# ACTIVITY
Exact copies of the records below are needed, free of pictures.

# DATA
>>>
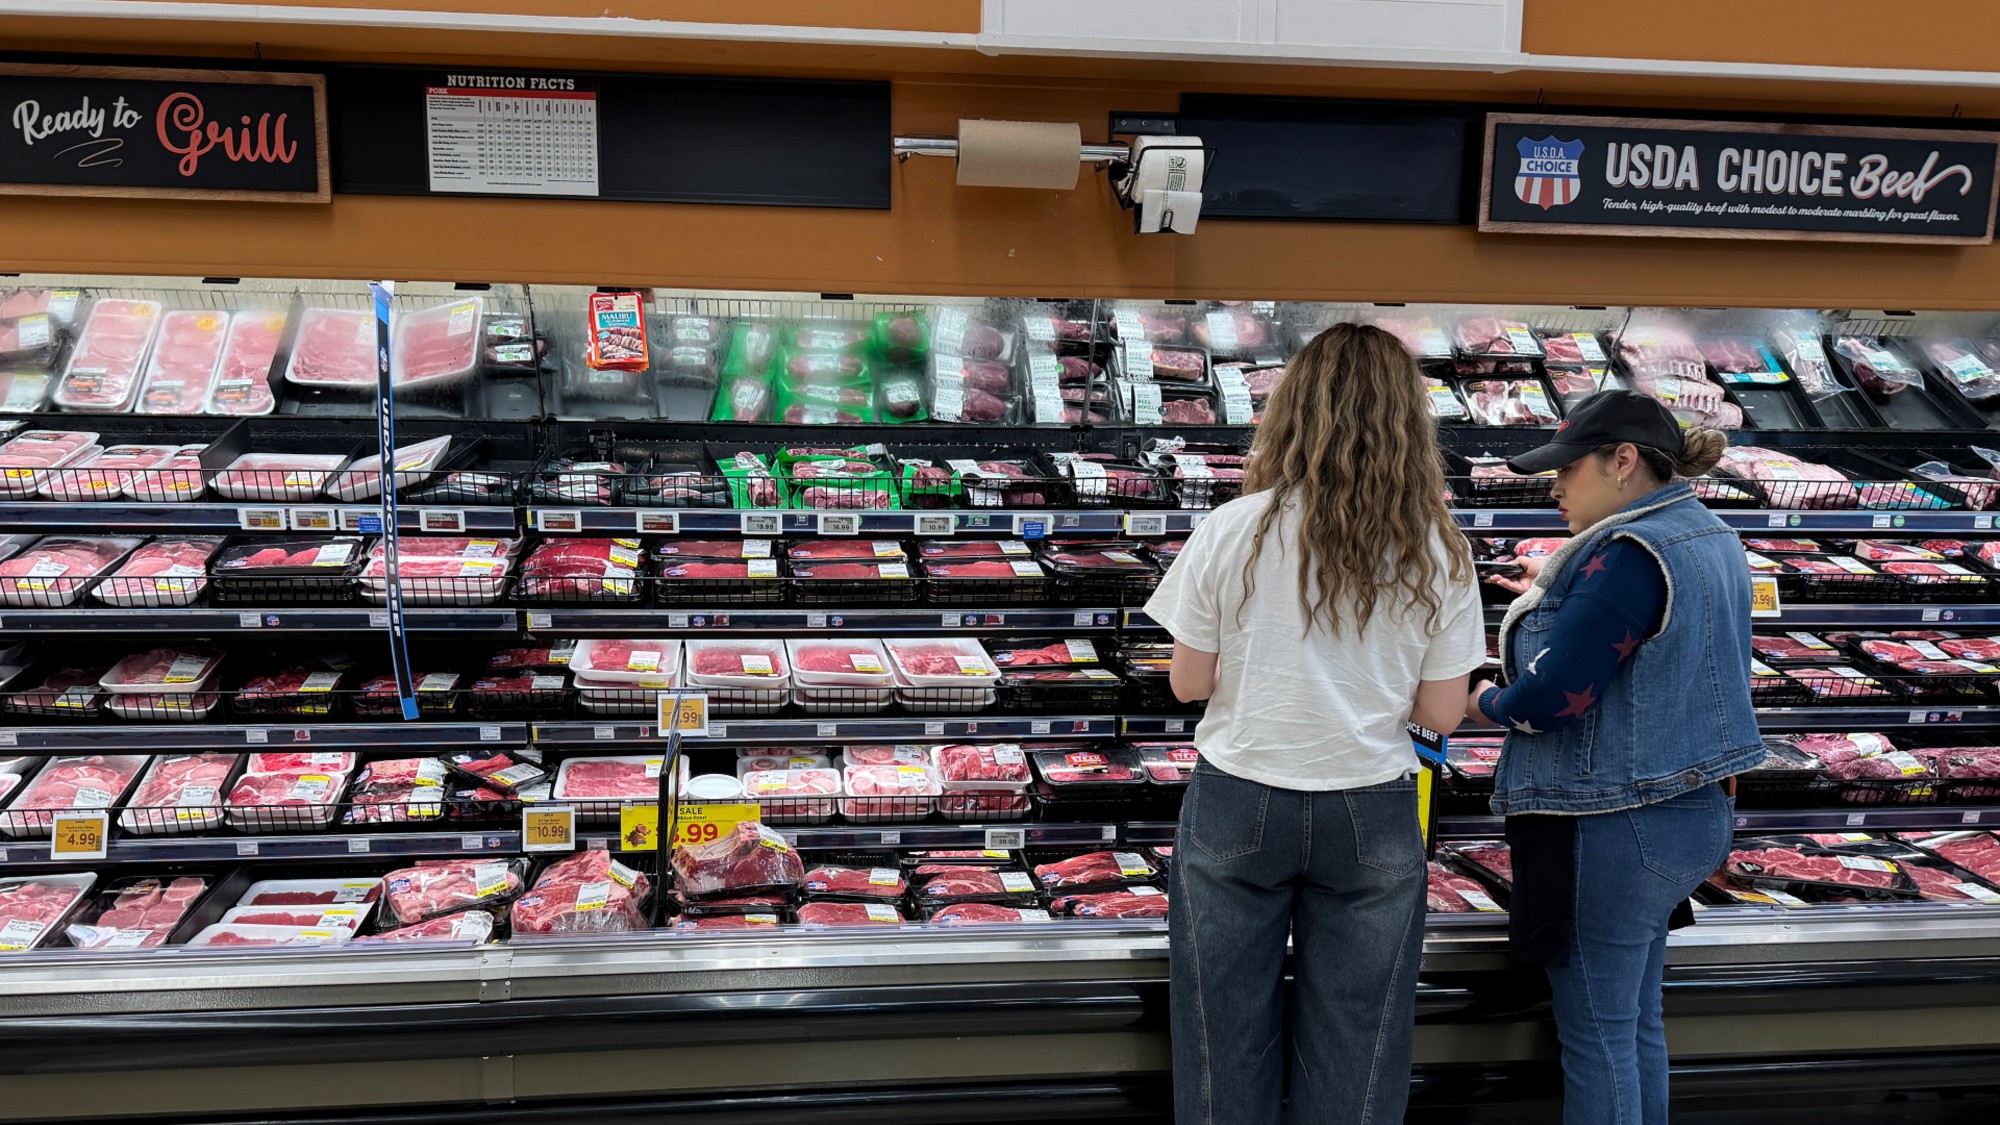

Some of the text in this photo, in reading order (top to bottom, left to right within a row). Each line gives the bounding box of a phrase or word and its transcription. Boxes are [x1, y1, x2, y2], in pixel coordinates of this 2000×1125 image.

[447, 75, 575, 90] NUTRITION FACTS
[13, 96, 142, 146] Ready to
[156, 92, 298, 176] Grill
[1533, 146, 1566, 159] U.S.D.A.
[1526, 160, 1572, 172] CHOICE
[1606, 142, 1973, 204] USDA CHOICE Beef
[1602, 198, 1960, 222] Tender, high-quality beef with modest to moderate marbling for great flavor.
[601, 313, 632, 321] MALIBU
[382, 397, 401, 637] USDA CHOICE BEEF
[1422, 727, 1438, 743] BEEF
[67, 833, 96, 845] 4.99
[538, 826, 564, 838] 10.99
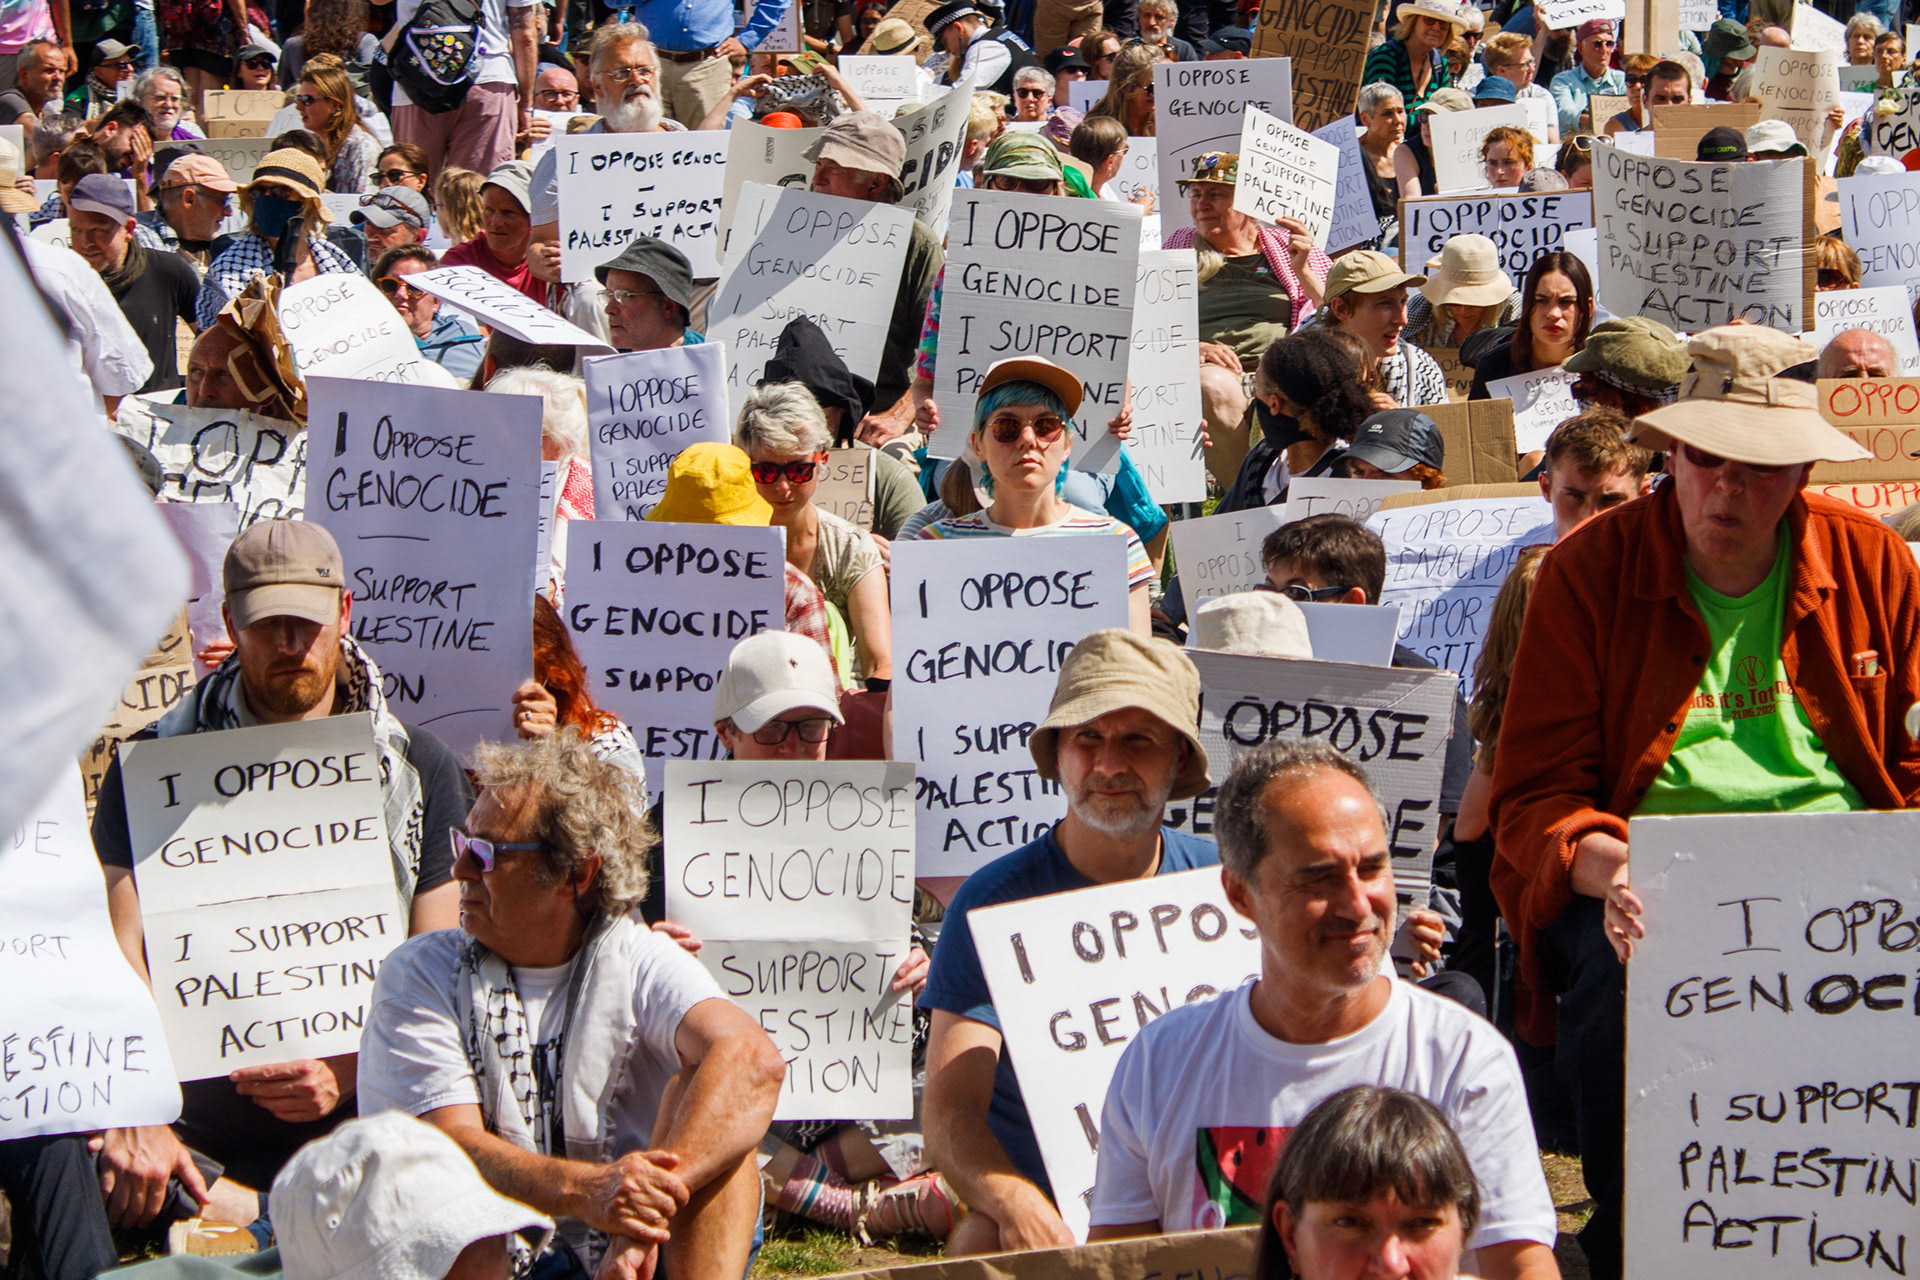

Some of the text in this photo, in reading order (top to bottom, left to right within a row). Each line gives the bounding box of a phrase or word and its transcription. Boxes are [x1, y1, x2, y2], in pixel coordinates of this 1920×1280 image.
<<<
# SOLUTION FOR THIS PROBLEM
Some of the text in this photo, in reading order (top to bottom, left to right within a row). Each line gives the bounding box of a phrase or word and its transcription. Boxes are [x1, y1, x2, y2], in pixel coordinates of this 2000×1125 image.

[447, 75, 575, 90] NUTRITION FACTS
[13, 96, 142, 146] Ready to
[156, 92, 298, 176] Grill
[1533, 146, 1566, 159] U.S.D.A.
[1526, 160, 1572, 172] CHOICE
[1606, 142, 1973, 204] USDA CHOICE Beef
[1602, 198, 1960, 222] Tender, high-quality beef with modest to moderate marbling for great flavor.
[601, 313, 632, 321] MALIBU
[382, 397, 401, 637] USDA CHOICE BEEF
[1422, 727, 1438, 743] BEEF
[67, 833, 96, 845] 4.99
[538, 826, 564, 838] 10.99

Some of the text in this photo, in reading order (top to bottom, left to right within a row). Each line gives the bounding box of a phrase or word and its transcription. Boxes are [x1, y1, x2, y2], in pixel coordinates of this 1920×1280 image.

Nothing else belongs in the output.